Data to process START
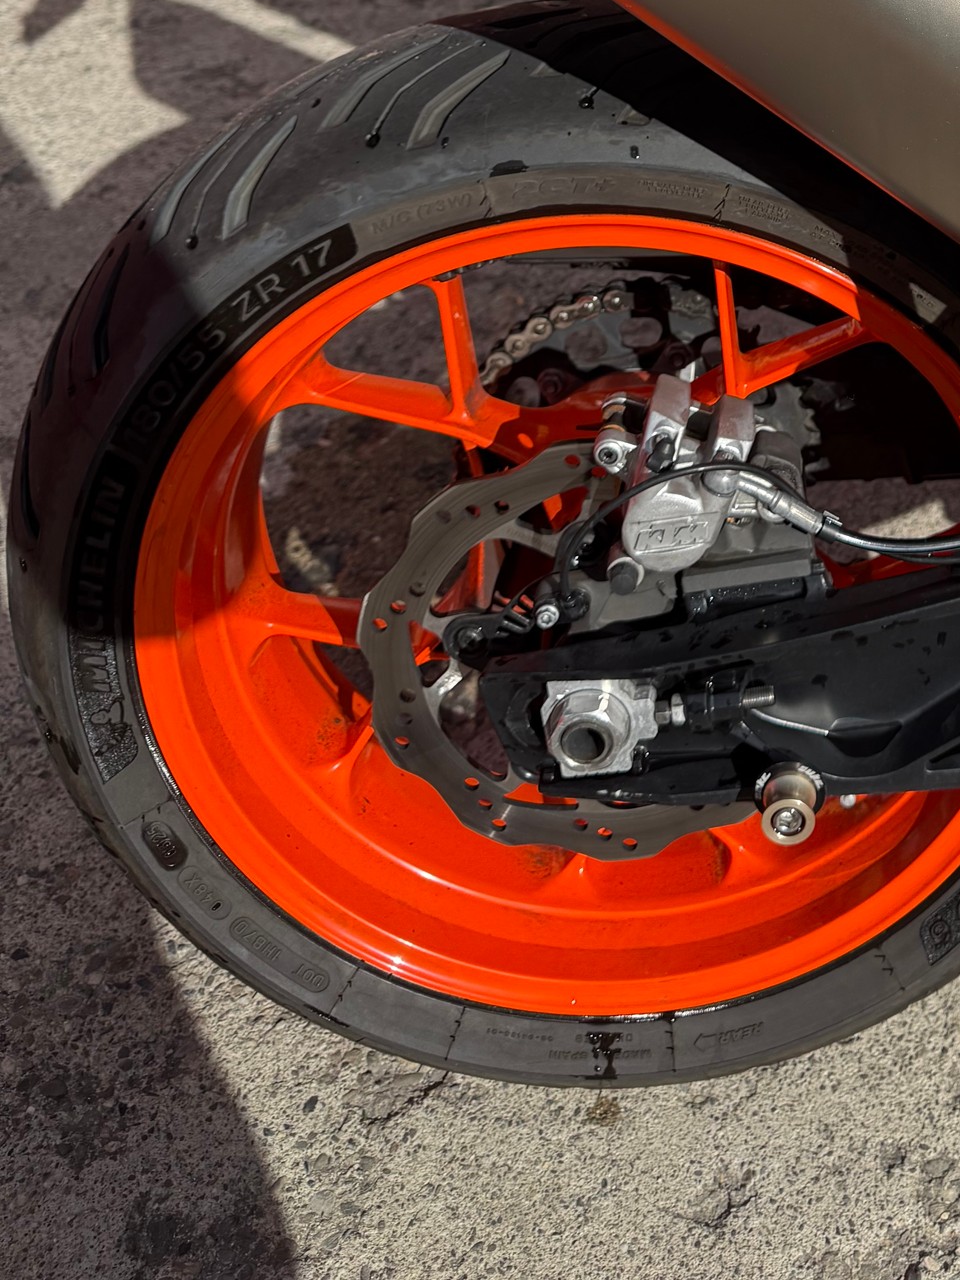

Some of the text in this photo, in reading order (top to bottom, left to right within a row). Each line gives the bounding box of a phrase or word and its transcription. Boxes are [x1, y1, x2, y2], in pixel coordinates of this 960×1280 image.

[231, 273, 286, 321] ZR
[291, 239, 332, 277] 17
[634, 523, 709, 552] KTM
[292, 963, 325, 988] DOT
Data to process END
* **Exercise goal**
Set the records down again word for word; the pictures stay out.

* **Response to the exercise**
Some of the text in this photo, in reading order (top to bottom, left to right within a row). Each line gives the bounding box of a phrase or word and its transcription. Boxes are [x1, y1, x2, y2], in pixel coordinates of this 960×1280 image.

[231, 273, 286, 321] ZR
[291, 239, 332, 277] 17
[634, 523, 709, 552] KTM
[292, 963, 325, 988] DOT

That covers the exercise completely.